---------- DATA FOR REVIEW ----------

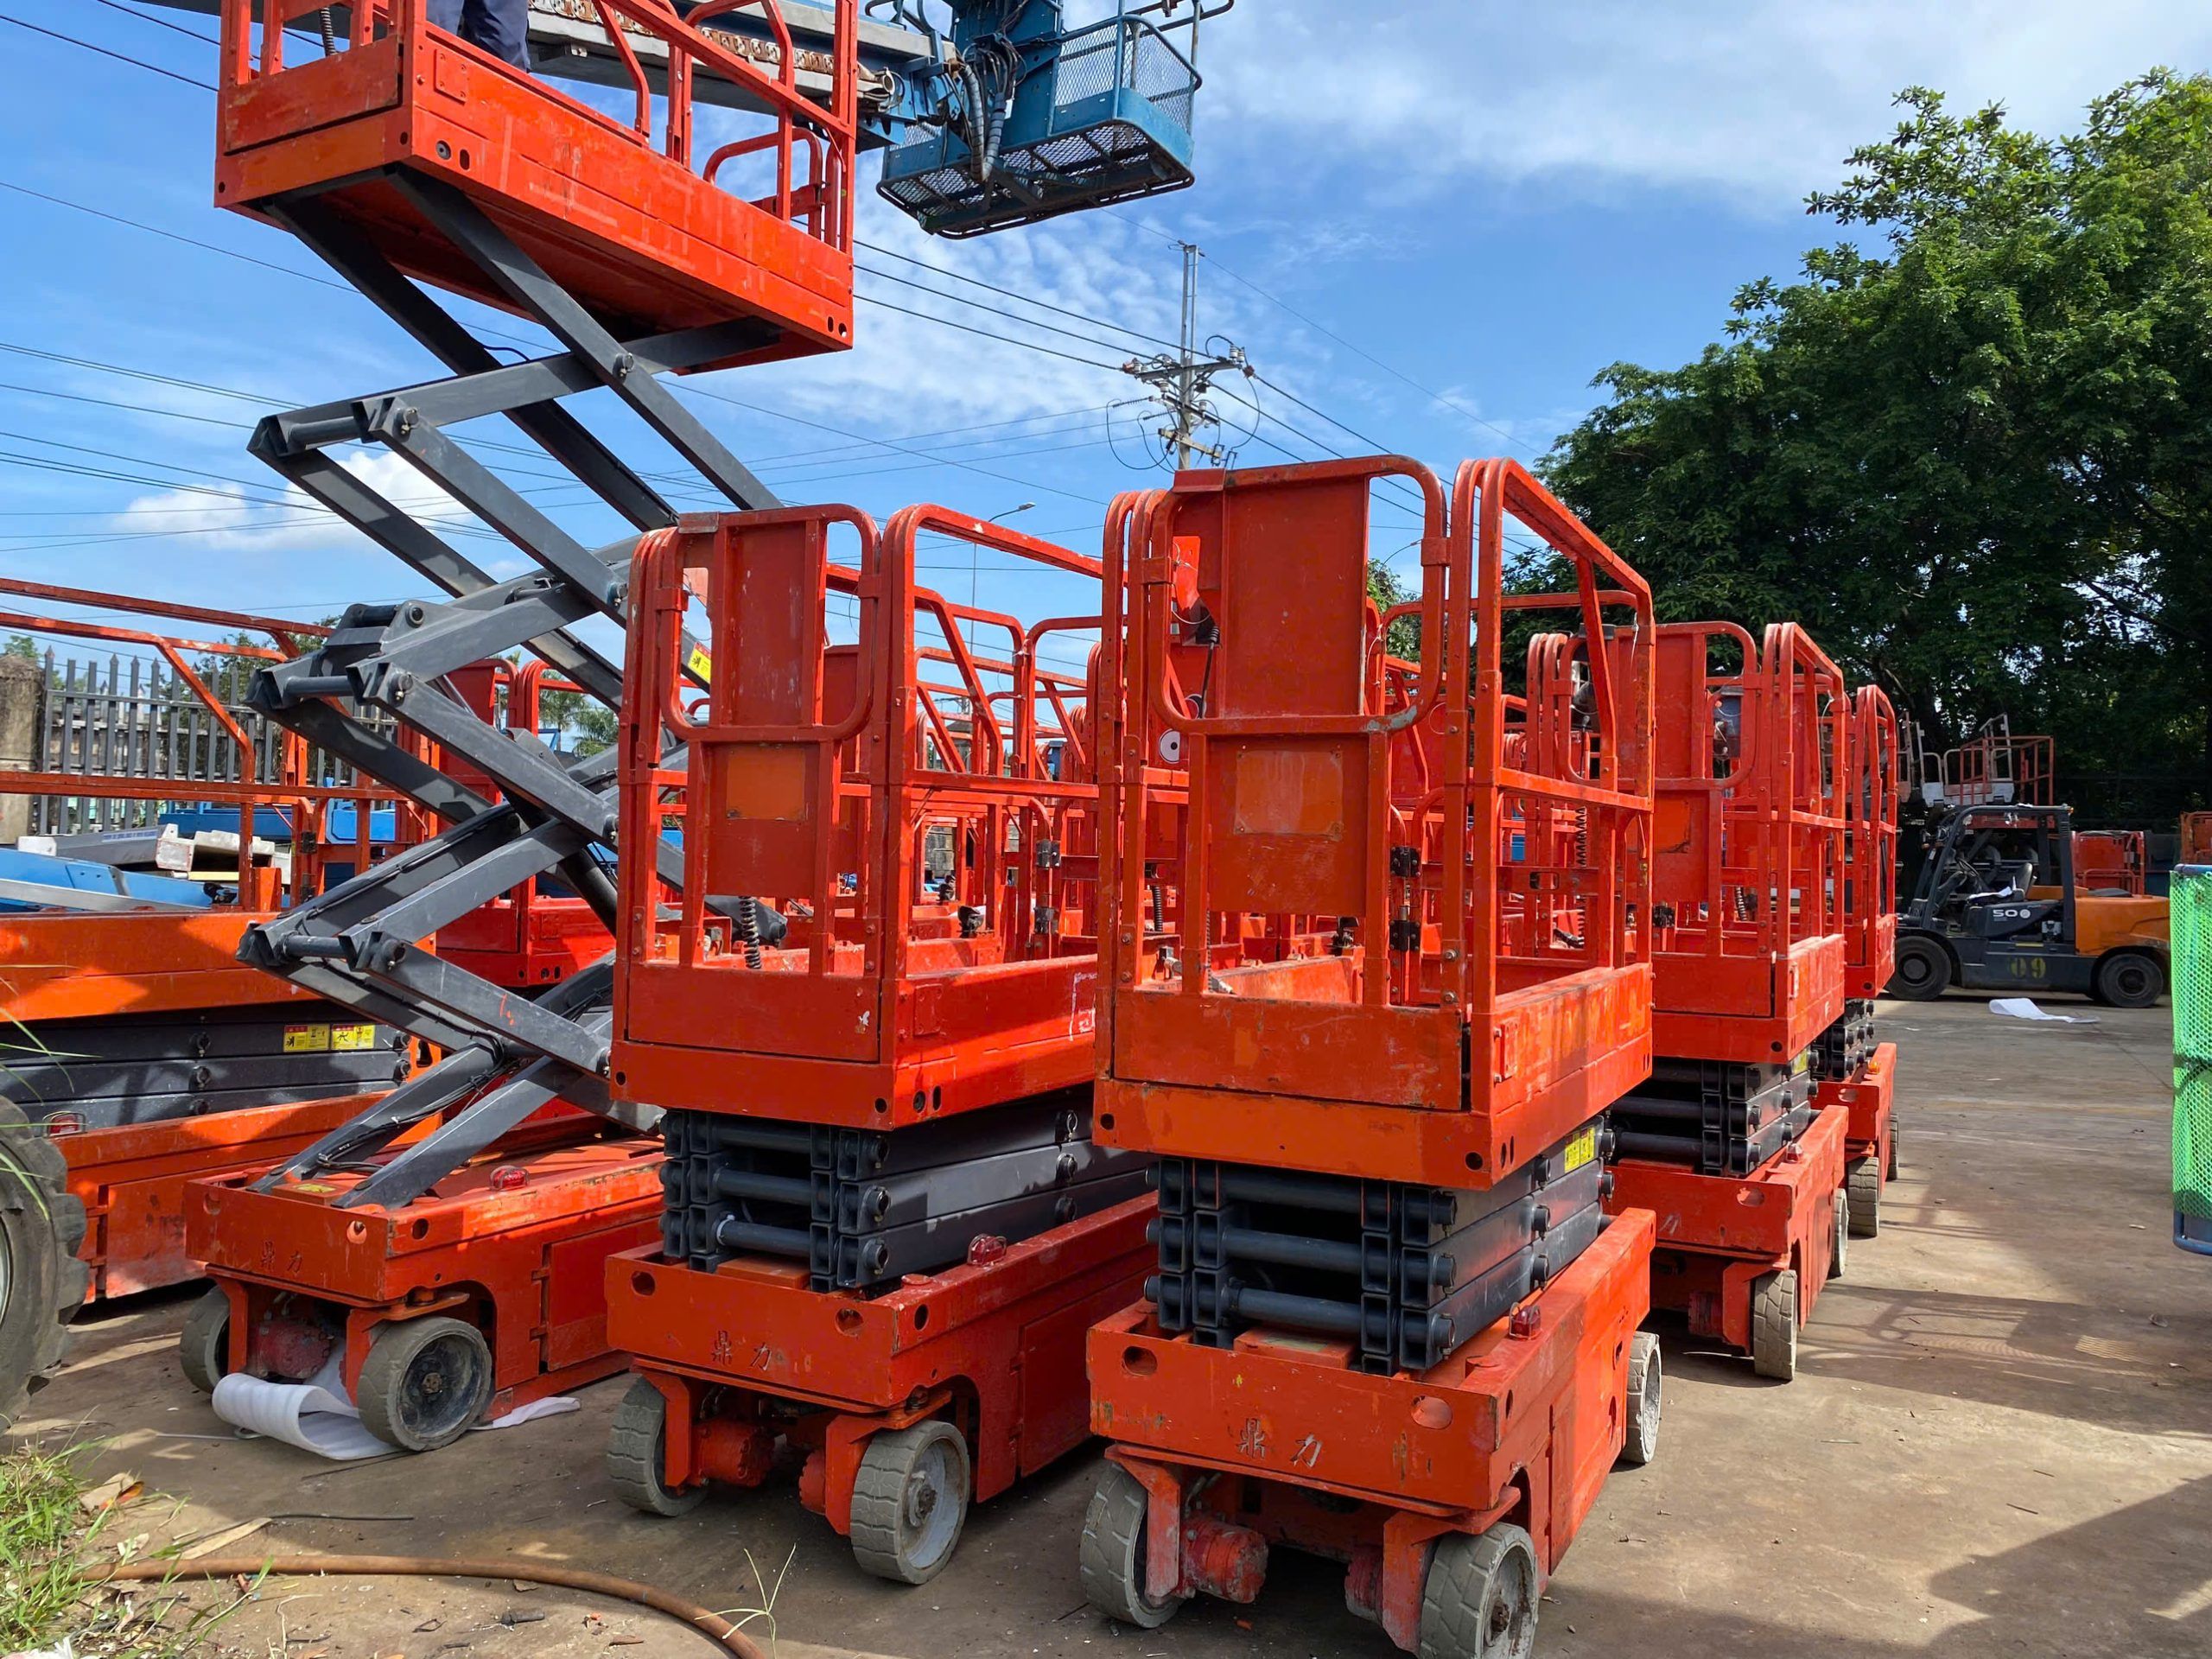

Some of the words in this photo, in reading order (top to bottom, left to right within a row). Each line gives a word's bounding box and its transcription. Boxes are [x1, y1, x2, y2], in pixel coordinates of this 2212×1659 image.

[1993, 909, 2018, 918] 50
[710, 1330, 772, 1372] 鼎力
[1236, 1417, 1323, 1467] 鼎力
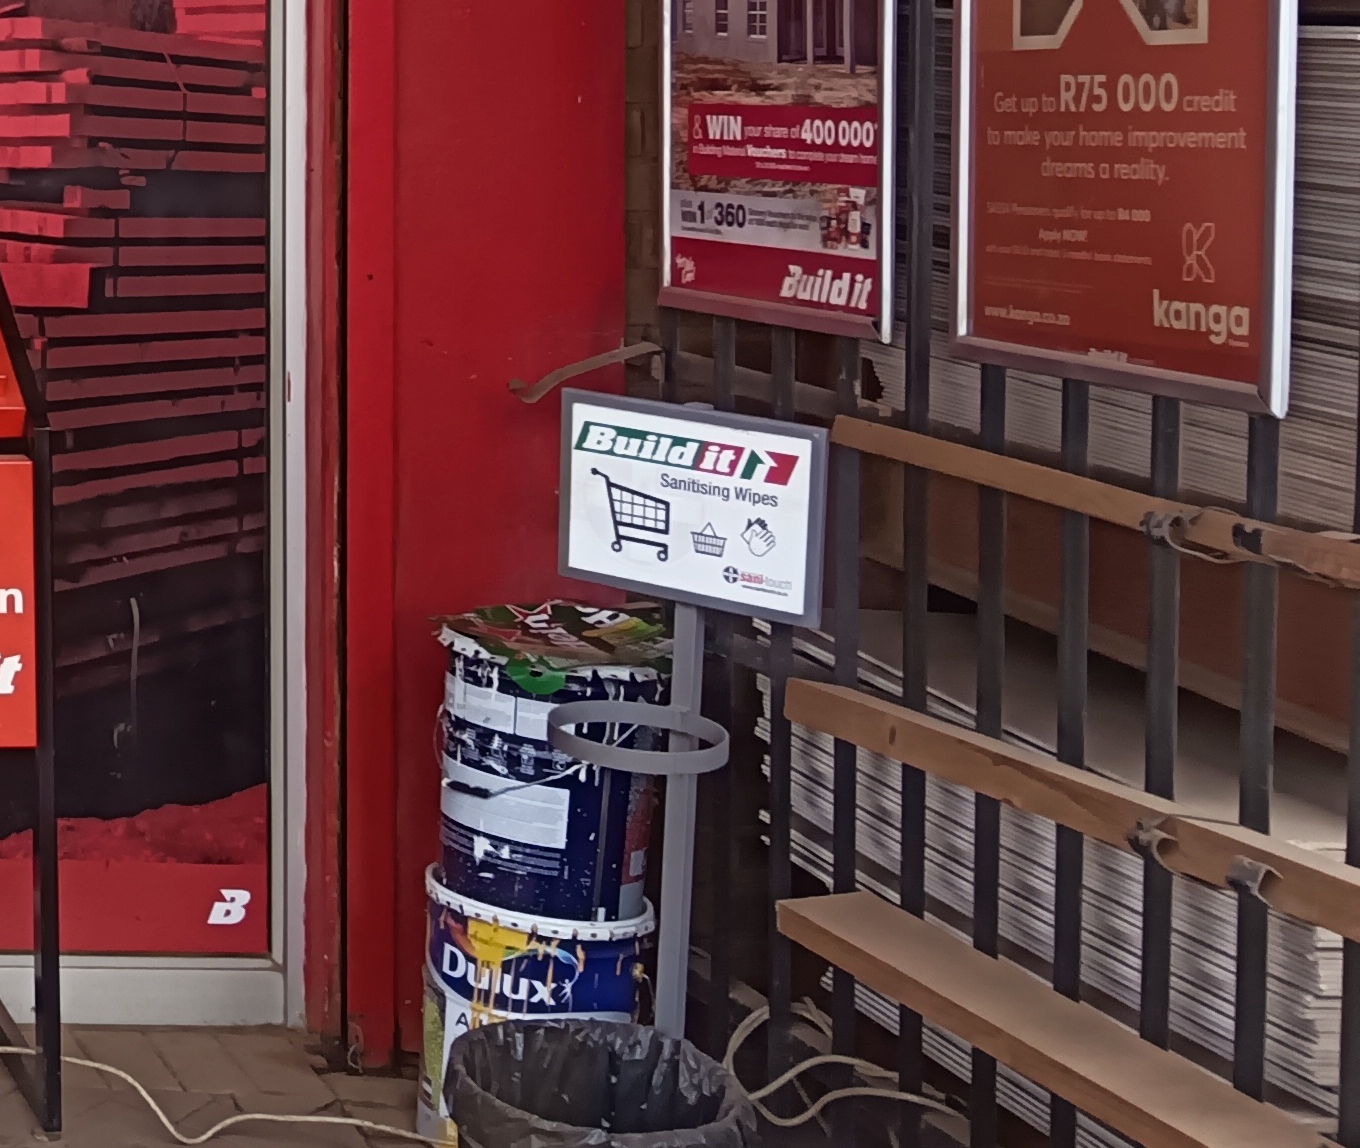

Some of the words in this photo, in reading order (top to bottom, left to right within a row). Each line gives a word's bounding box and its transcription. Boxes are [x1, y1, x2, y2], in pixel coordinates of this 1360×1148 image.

[993, 92, 1018, 113] Get
[1021, 95, 1038, 117] up
[1059, 74, 1108, 113] R75
[1117, 72, 1179, 112] 000
[1183, 89, 1237, 112] credit
[692, 115, 703, 140] &
[706, 115, 742, 141] WIN
[764, 124, 789, 139] share
[987, 126, 1001, 146] to
[1044, 130, 1076, 150] your
[1079, 124, 1124, 147] home
[1128, 125, 1247, 152] improvement
[1040, 157, 1096, 178] dreams
[713, 202, 746, 228] 360
[779, 263, 851, 306] Build
[848, 273, 873, 310] it
[1152, 288, 1250, 345] kanga
[581, 424, 698, 467] Build
[698, 444, 736, 474] it
[659, 472, 730, 502] Sanitising
[733, 486, 779, 508] Wipes
[442, 941, 559, 1007] Dulux
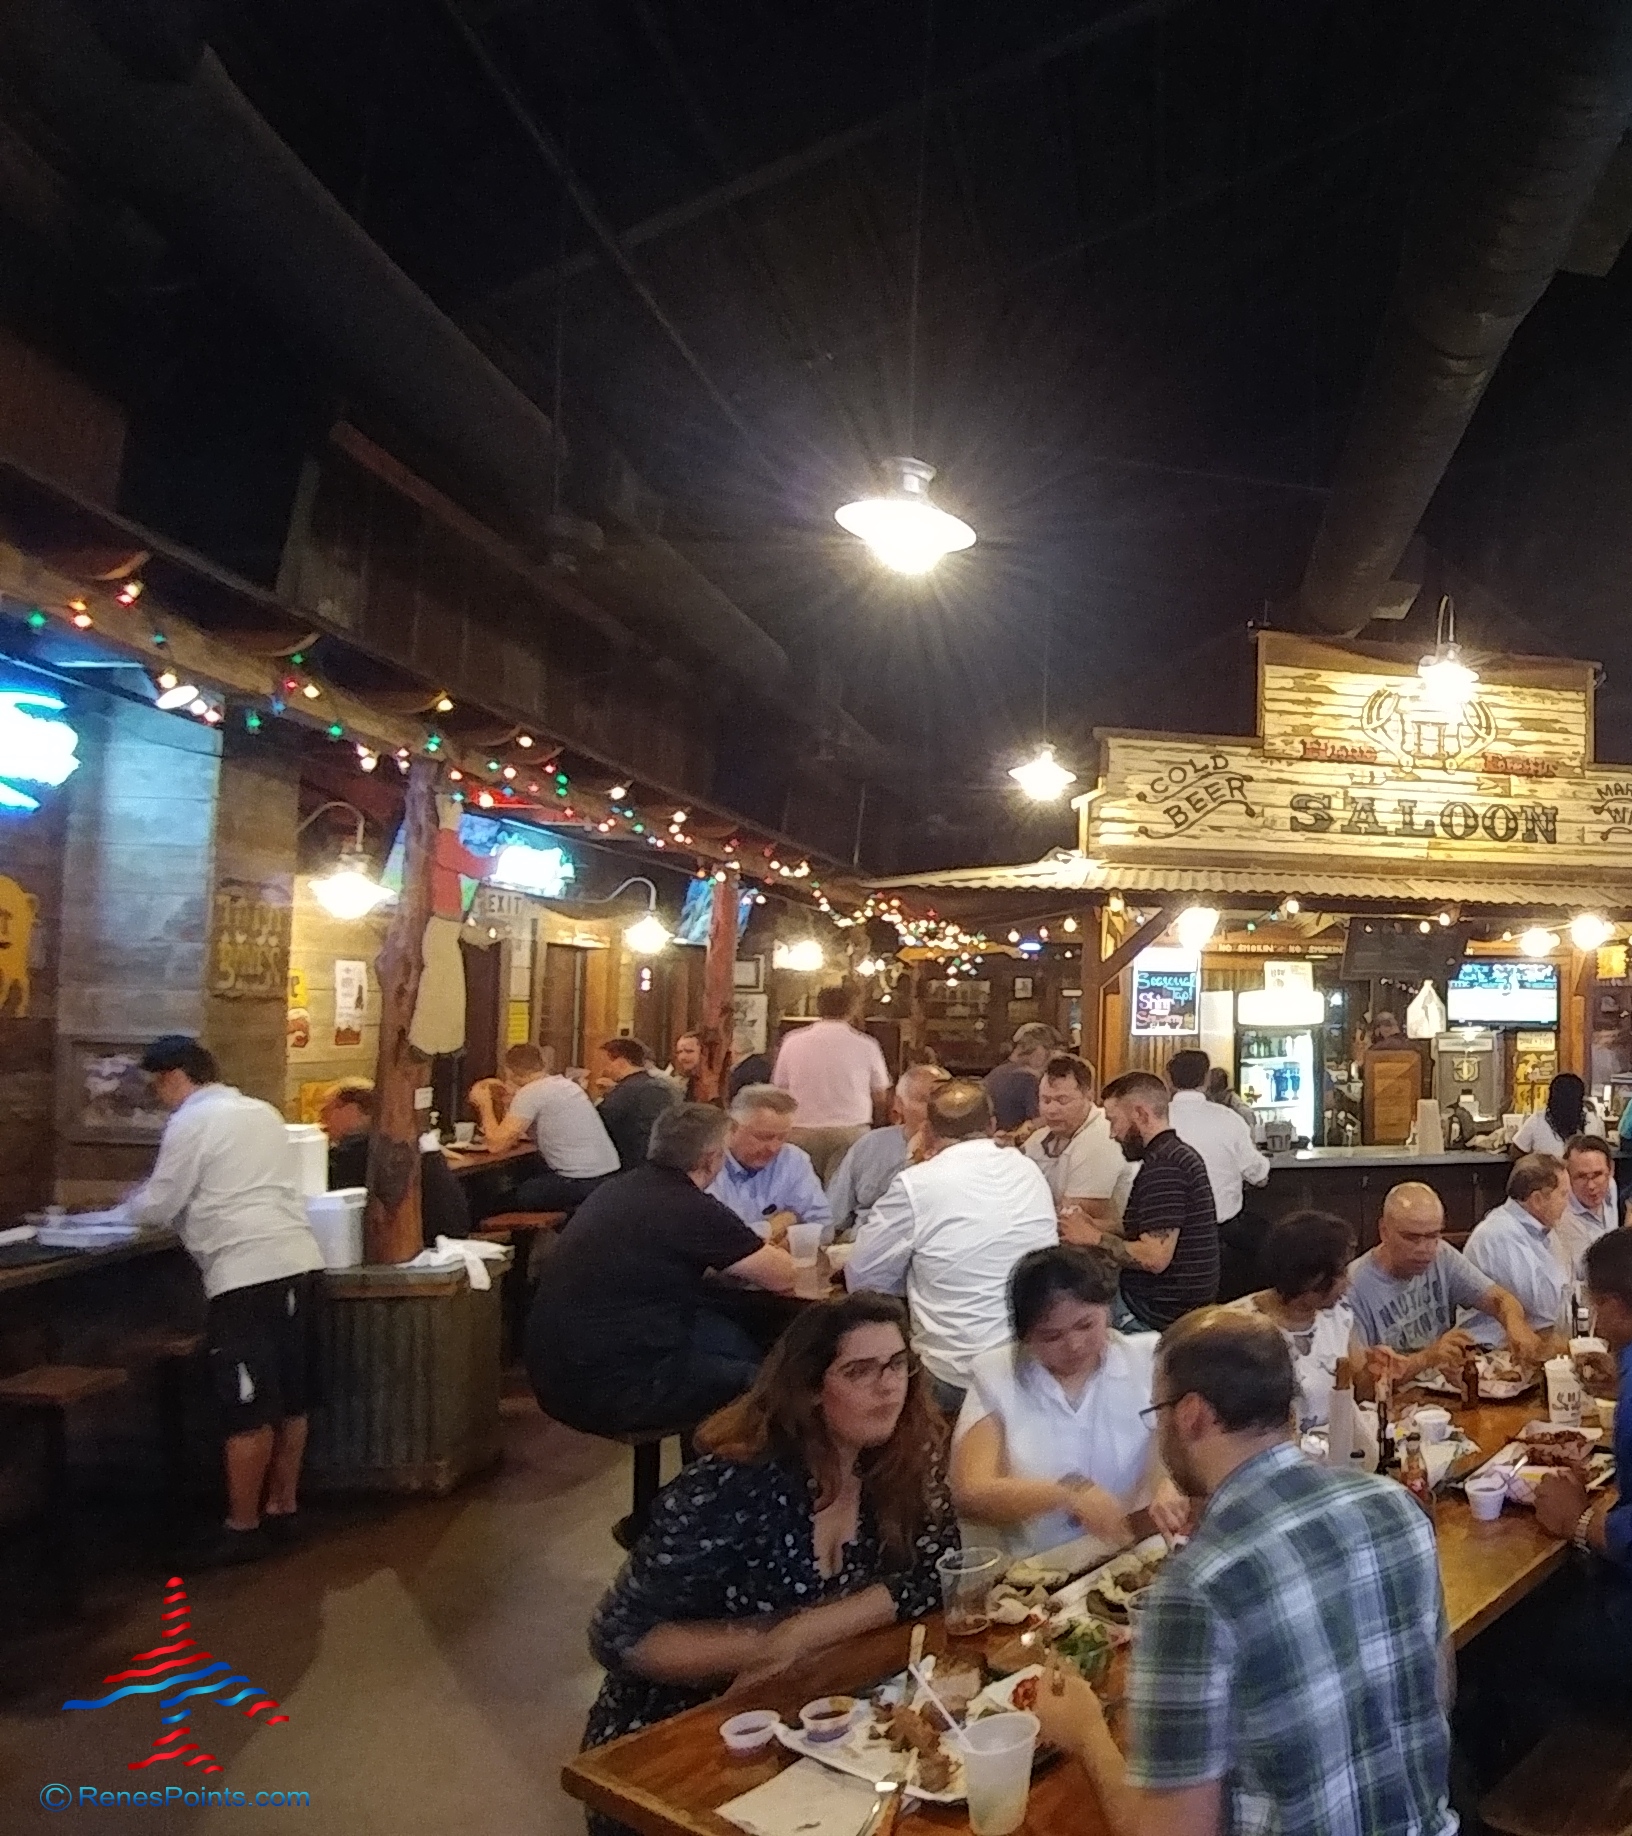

----------

EXERCISE AIM
All entries are to be duplicated exactly, with the pictures left out.

SOLVED EXERCISE
Some of the words in this photo, in reading order (top to bottom, left to right within a row). Each line gives a word's bounding box and its transcription. Boxes are [x1, y1, x2, y2], in pixel coordinates of this 2212×1659 image.

[1993, 909, 2018, 918] 50
[710, 1330, 772, 1372] 鼎力
[1236, 1417, 1323, 1467] 鼎力

Some of the words in this photo, in reading order (top to bottom, left to right within a row). Each line gives a word's bounding box and its transcription. Boxes are [x1, y1, x2, y2], in pixel coordinates of this 1360×1148 image.

[993, 92, 1018, 113] Get
[1021, 95, 1038, 117] up
[1059, 74, 1108, 113] R75
[1117, 72, 1179, 112] 000
[1183, 89, 1237, 112] credit
[692, 115, 703, 140] &
[706, 115, 742, 141] WIN
[764, 124, 789, 139] share
[987, 126, 1001, 146] to
[1044, 130, 1076, 150] your
[1079, 124, 1124, 147] home
[1128, 125, 1247, 152] improvement
[1040, 157, 1096, 178] dreams
[713, 202, 746, 228] 360
[779, 263, 851, 306] Build
[848, 273, 873, 310] it
[1152, 288, 1250, 345] kanga
[581, 424, 698, 467] Build
[698, 444, 736, 474] it
[659, 472, 730, 502] Sanitising
[733, 486, 779, 508] Wipes
[442, 941, 559, 1007] Dulux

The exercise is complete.